What you should do ::
Take the entries below and write them out exactly, with each picture removed.

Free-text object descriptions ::
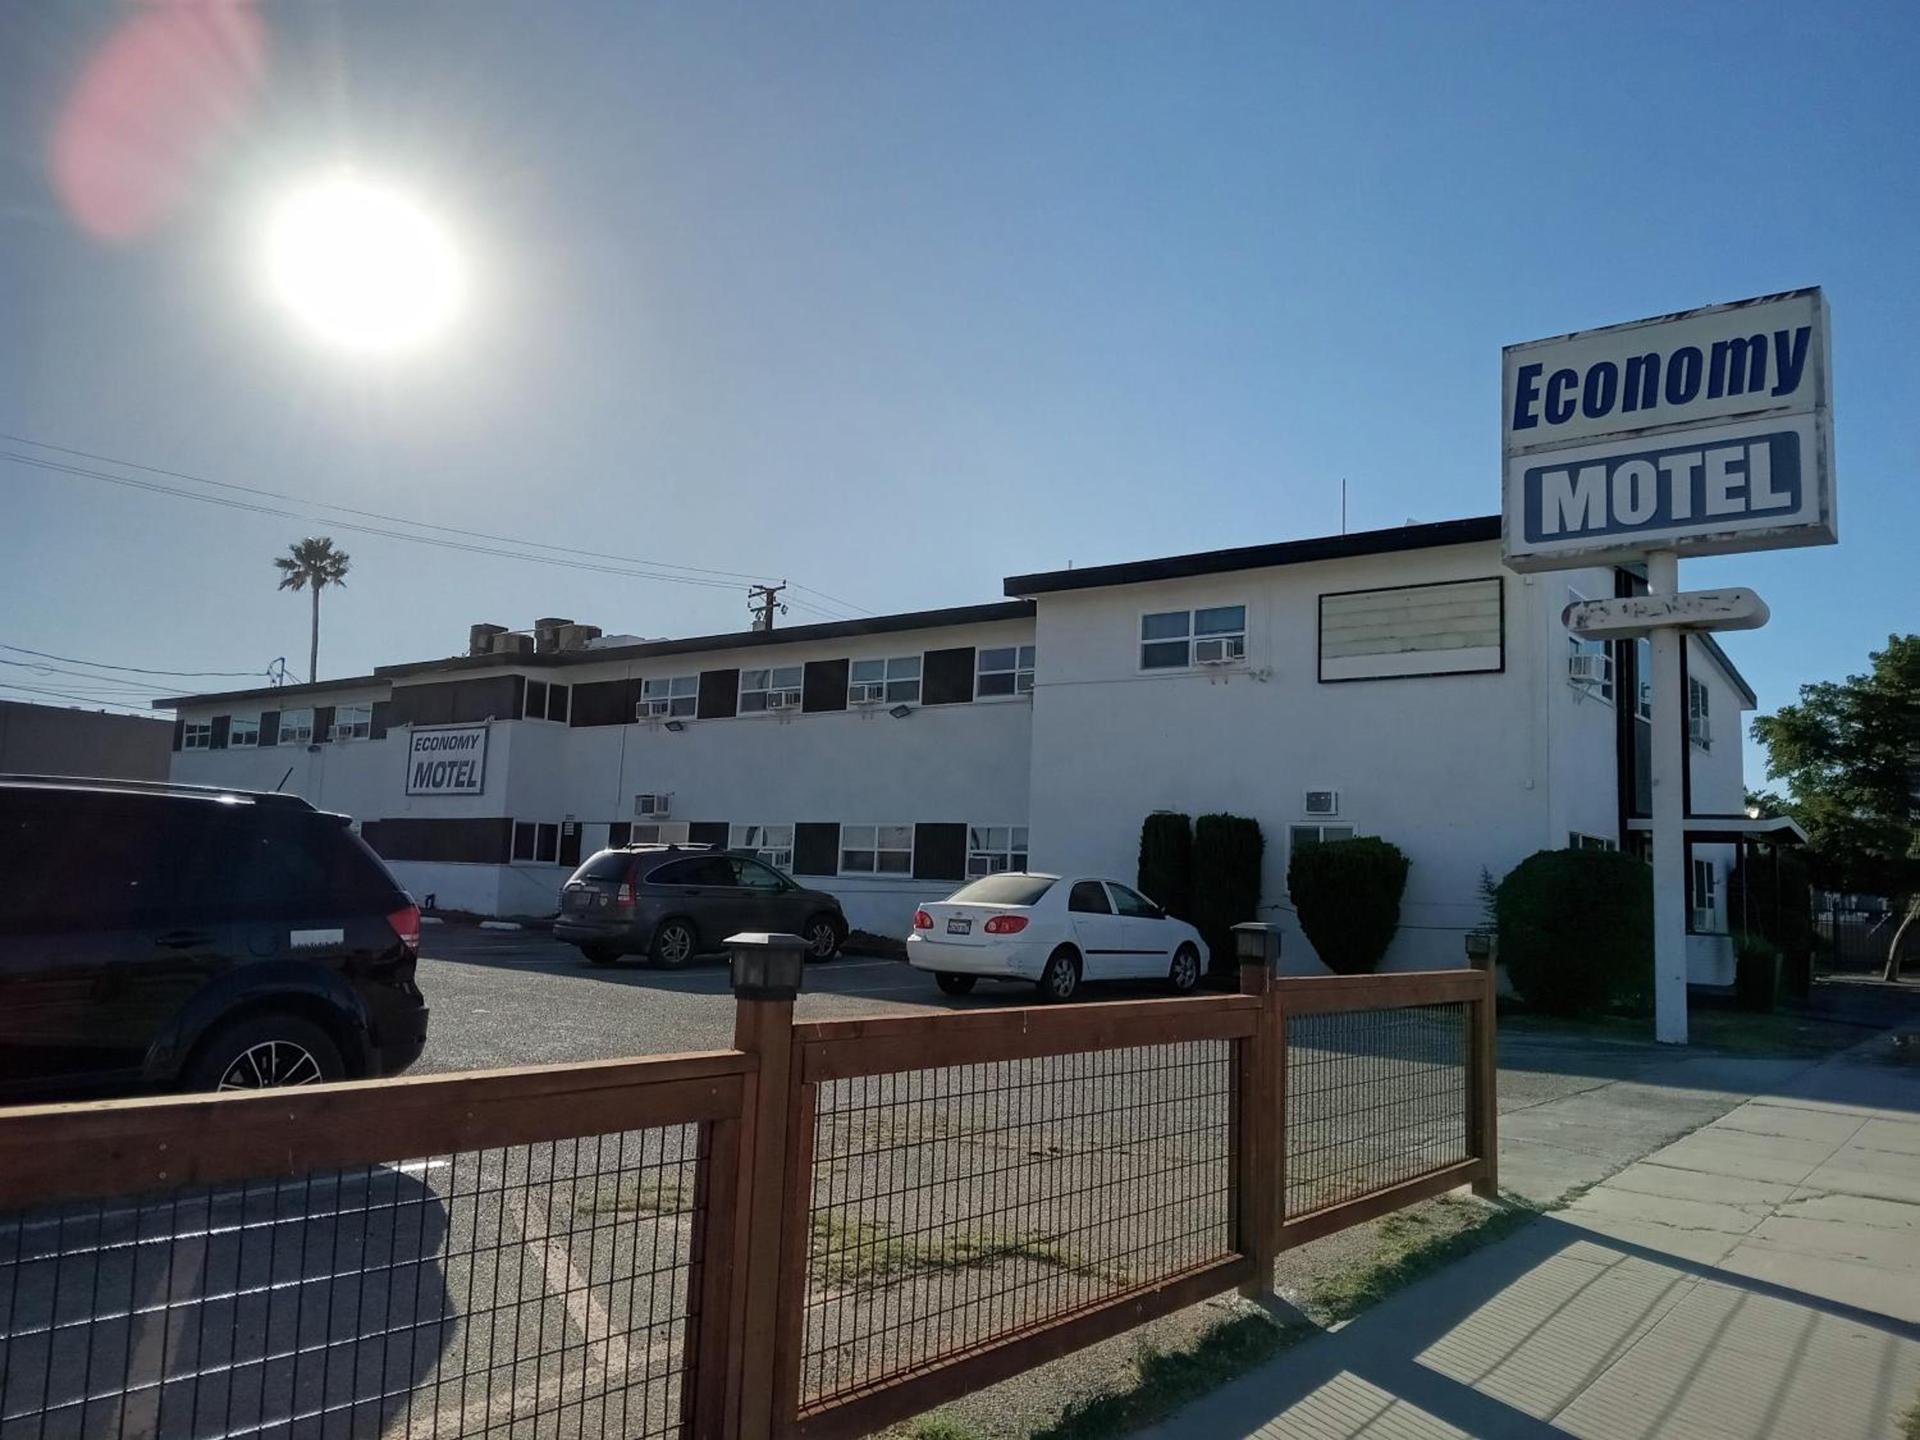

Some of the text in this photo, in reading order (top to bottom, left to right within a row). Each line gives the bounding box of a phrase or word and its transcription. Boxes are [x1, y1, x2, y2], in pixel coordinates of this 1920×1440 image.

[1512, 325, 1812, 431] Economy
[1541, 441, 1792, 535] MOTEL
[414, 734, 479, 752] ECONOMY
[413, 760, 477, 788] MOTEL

Exercise output ::
Some of the text in this photo, in reading order (top to bottom, left to right within a row). Each line gives the bounding box of a phrase or word and its transcription. Boxes are [x1, y1, x2, y2], in pixel coordinates of this 1920×1440 image.

[1512, 325, 1812, 431] Economy
[1541, 441, 1792, 535] MOTEL
[414, 734, 479, 752] ECONOMY
[413, 760, 477, 788] MOTEL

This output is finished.